(Referring expression grounding data)
┌──

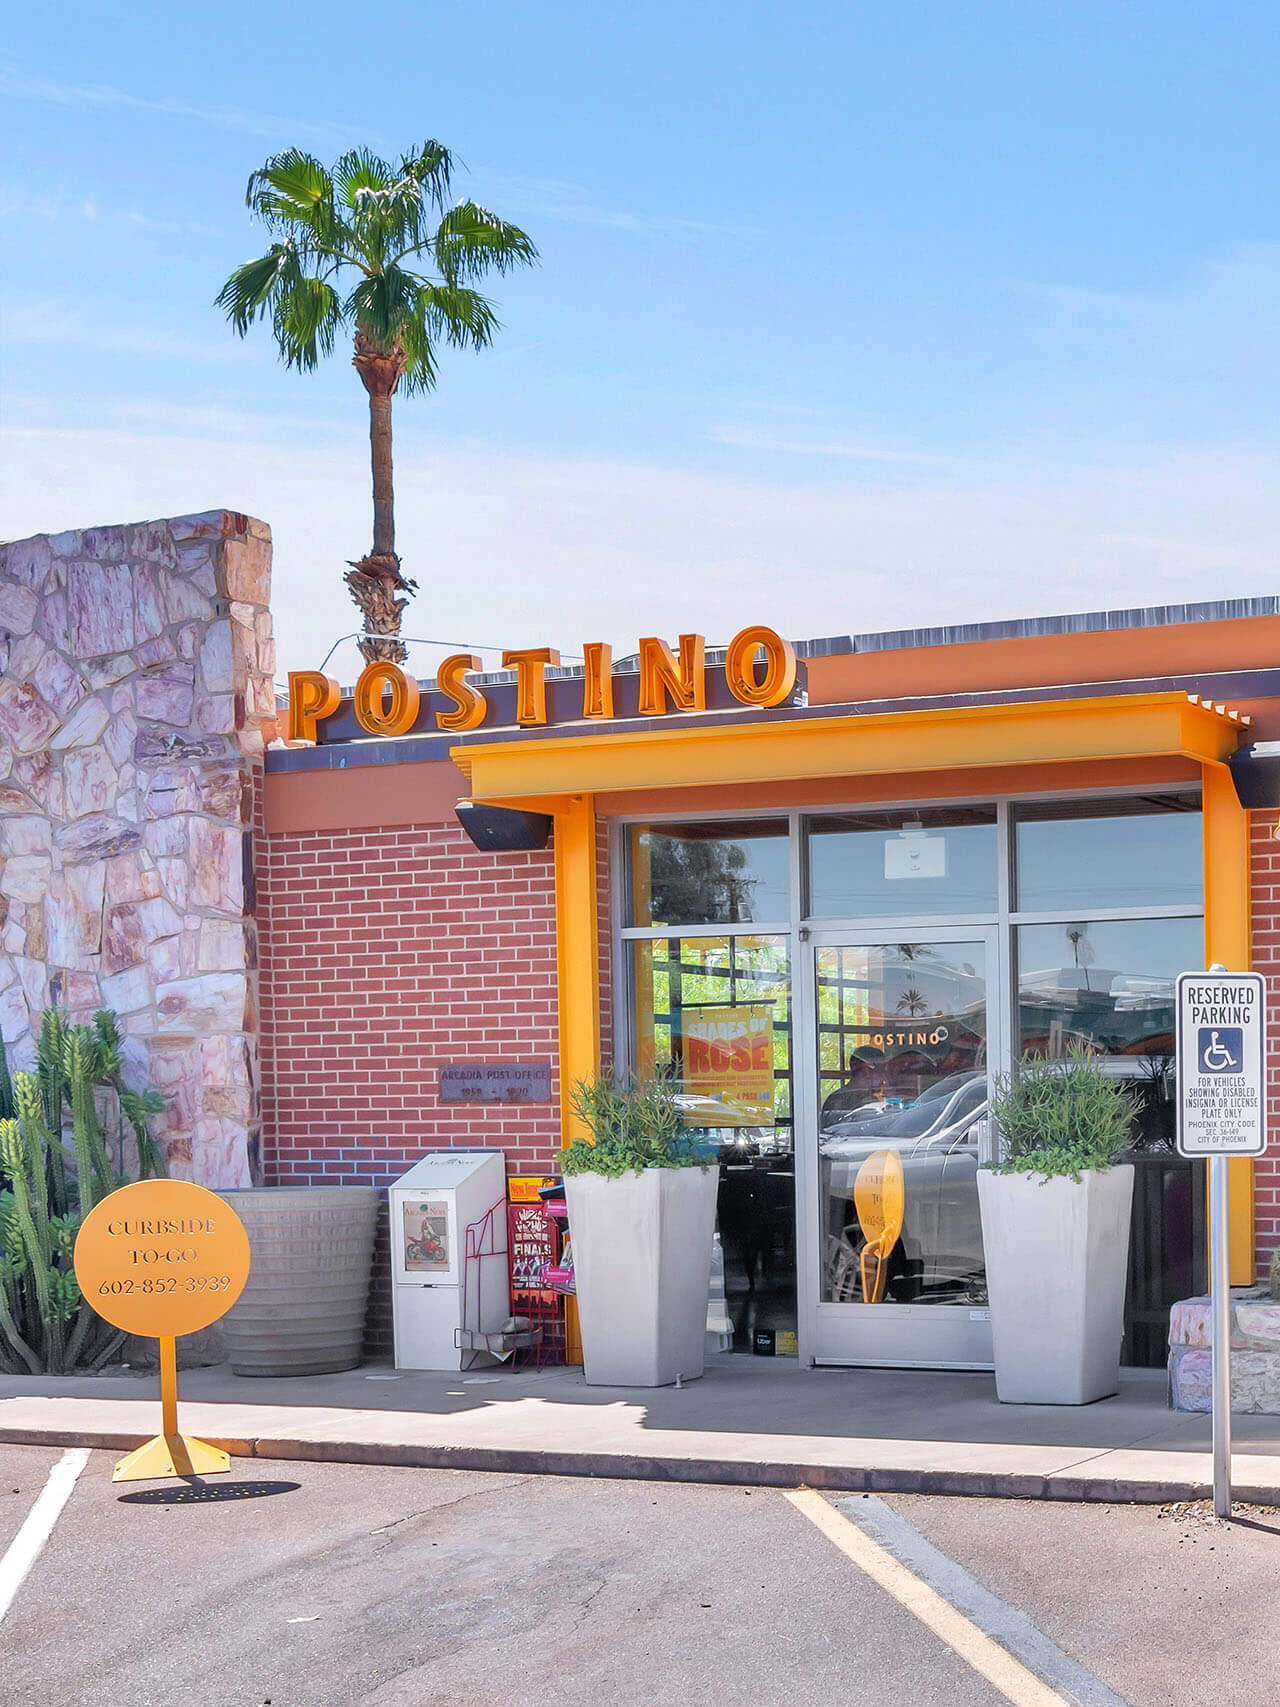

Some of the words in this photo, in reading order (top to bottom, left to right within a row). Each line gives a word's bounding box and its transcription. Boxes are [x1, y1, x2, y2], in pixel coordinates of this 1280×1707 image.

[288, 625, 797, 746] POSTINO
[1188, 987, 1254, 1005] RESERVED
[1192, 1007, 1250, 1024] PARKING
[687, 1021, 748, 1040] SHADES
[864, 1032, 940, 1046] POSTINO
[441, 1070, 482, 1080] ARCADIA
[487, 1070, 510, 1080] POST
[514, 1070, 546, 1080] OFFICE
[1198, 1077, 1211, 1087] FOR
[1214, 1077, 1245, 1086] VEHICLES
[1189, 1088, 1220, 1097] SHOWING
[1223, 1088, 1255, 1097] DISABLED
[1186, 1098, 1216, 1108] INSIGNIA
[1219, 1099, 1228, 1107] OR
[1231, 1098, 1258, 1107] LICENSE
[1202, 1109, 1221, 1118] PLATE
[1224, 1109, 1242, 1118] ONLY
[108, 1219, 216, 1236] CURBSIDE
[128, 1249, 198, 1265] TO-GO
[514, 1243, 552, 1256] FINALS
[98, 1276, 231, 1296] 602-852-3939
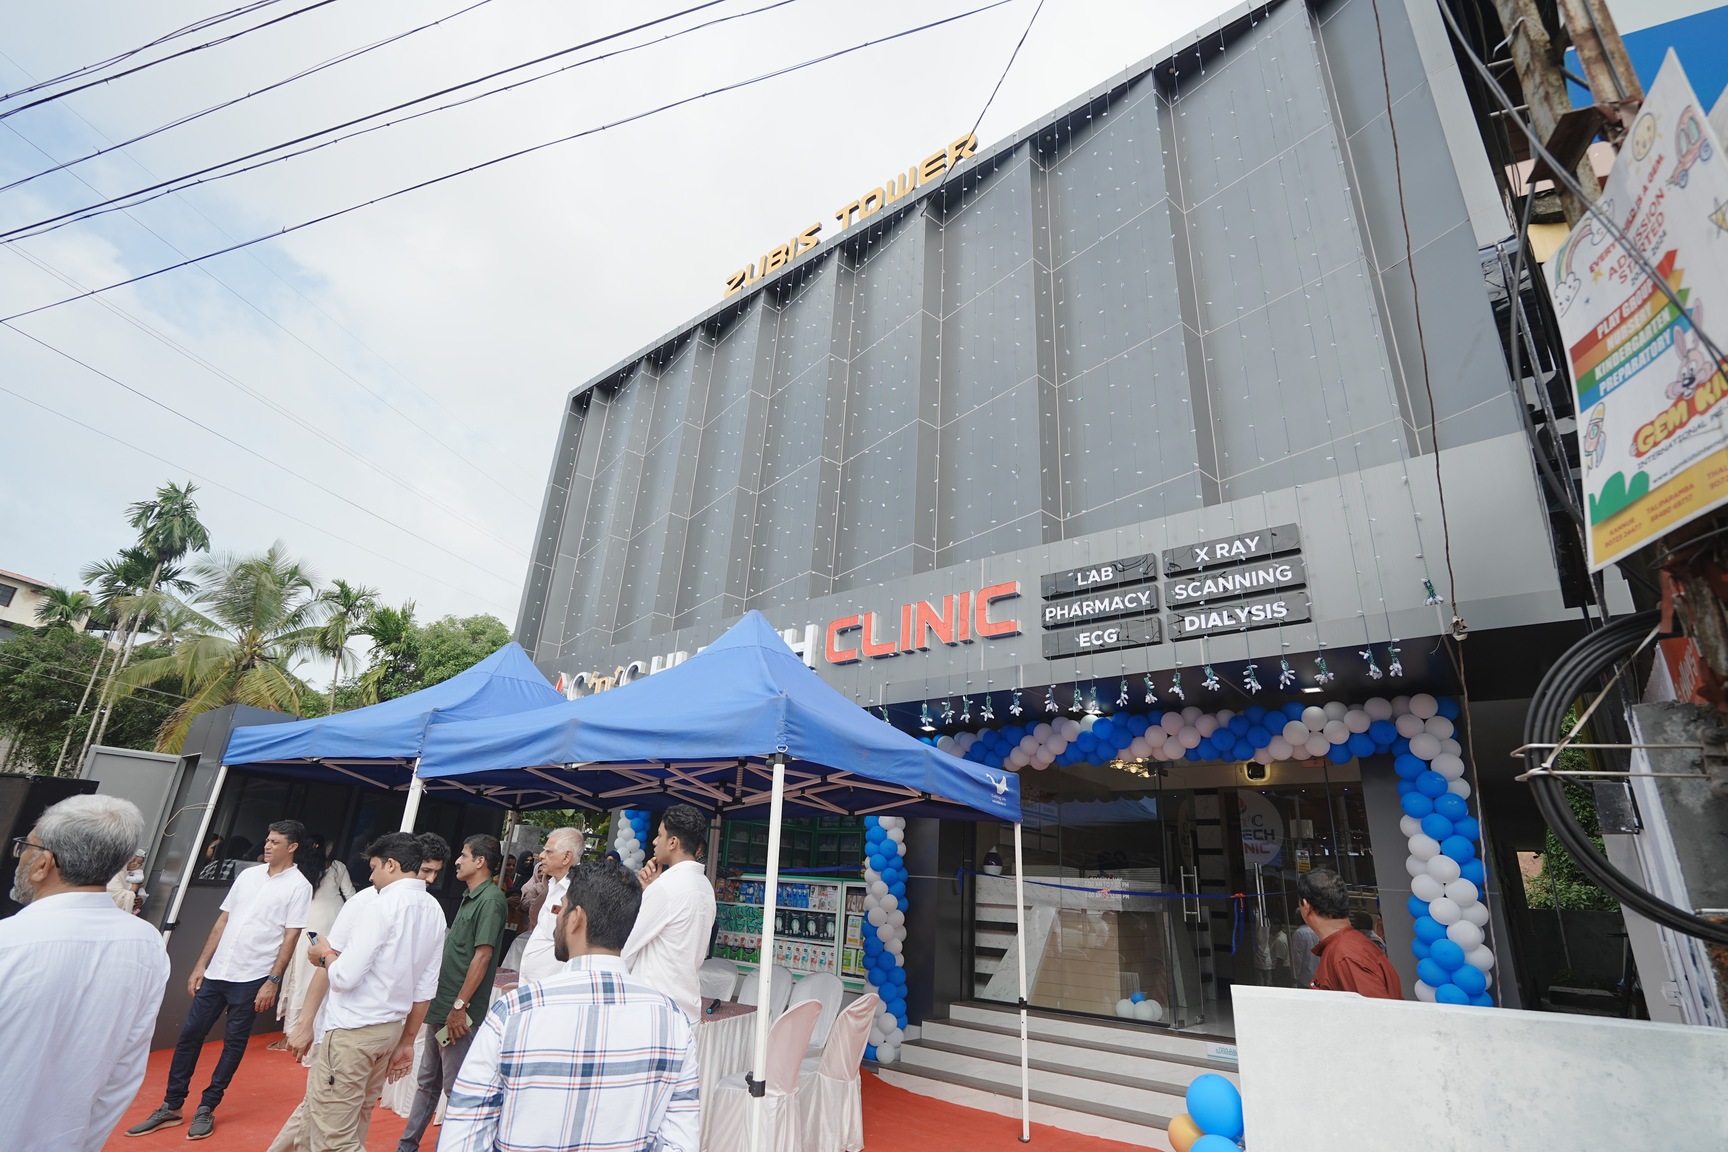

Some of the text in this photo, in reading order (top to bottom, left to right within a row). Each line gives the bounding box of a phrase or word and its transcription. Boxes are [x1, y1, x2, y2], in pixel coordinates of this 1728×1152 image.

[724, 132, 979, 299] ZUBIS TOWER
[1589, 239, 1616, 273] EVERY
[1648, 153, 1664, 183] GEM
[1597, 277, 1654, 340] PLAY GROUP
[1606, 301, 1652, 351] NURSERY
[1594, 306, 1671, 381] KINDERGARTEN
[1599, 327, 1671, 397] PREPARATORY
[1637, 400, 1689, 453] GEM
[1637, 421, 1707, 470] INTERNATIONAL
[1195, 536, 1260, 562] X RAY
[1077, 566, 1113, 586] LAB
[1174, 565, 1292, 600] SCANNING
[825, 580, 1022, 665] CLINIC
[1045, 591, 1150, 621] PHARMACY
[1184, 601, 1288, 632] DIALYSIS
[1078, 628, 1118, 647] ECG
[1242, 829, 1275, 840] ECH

└──

WHAT NEEDS TO BE DONE:
Repeat the data exactly, excluding the pictures.

RESULT:
Some of the words in this photo, in reading order (top to bottom, left to right within a row). Each line gives a word's bounding box and its transcription. Boxes are [x1, y1, x2, y2], in pixel coordinates of this 1280×1707 image.

[288, 625, 797, 746] POSTINO
[1188, 987, 1254, 1005] RESERVED
[1192, 1007, 1250, 1024] PARKING
[687, 1021, 748, 1040] SHADES
[864, 1032, 940, 1046] POSTINO
[441, 1070, 482, 1080] ARCADIA
[487, 1070, 510, 1080] POST
[514, 1070, 546, 1080] OFFICE
[1198, 1077, 1211, 1087] FOR
[1214, 1077, 1245, 1086] VEHICLES
[1189, 1088, 1220, 1097] SHOWING
[1223, 1088, 1255, 1097] DISABLED
[1186, 1098, 1216, 1108] INSIGNIA
[1219, 1099, 1228, 1107] OR
[1231, 1098, 1258, 1107] LICENSE
[1202, 1109, 1221, 1118] PLATE
[1224, 1109, 1242, 1118] ONLY
[108, 1219, 216, 1236] CURBSIDE
[128, 1249, 198, 1265] TO-GO
[514, 1243, 552, 1256] FINALS
[98, 1276, 231, 1296] 602-852-3939

Some of the text in this photo, in reading order (top to bottom, left to right within a row). Each line gives the bounding box of a phrase or word and its transcription. Boxes are [x1, y1, x2, y2], in pixel coordinates of this 1728×1152 image.

[724, 132, 979, 299] ZUBIS TOWER
[1589, 239, 1616, 273] EVERY
[1648, 153, 1664, 183] GEM
[1597, 277, 1654, 340] PLAY GROUP
[1606, 301, 1652, 351] NURSERY
[1594, 306, 1671, 381] KINDERGARTEN
[1599, 327, 1671, 397] PREPARATORY
[1637, 400, 1689, 453] GEM
[1637, 421, 1707, 470] INTERNATIONAL
[1195, 536, 1260, 562] X RAY
[1077, 566, 1113, 586] LAB
[1174, 565, 1292, 600] SCANNING
[825, 580, 1022, 665] CLINIC
[1045, 591, 1150, 621] PHARMACY
[1184, 601, 1288, 632] DIALYSIS
[1078, 628, 1118, 647] ECG
[1242, 829, 1275, 840] ECH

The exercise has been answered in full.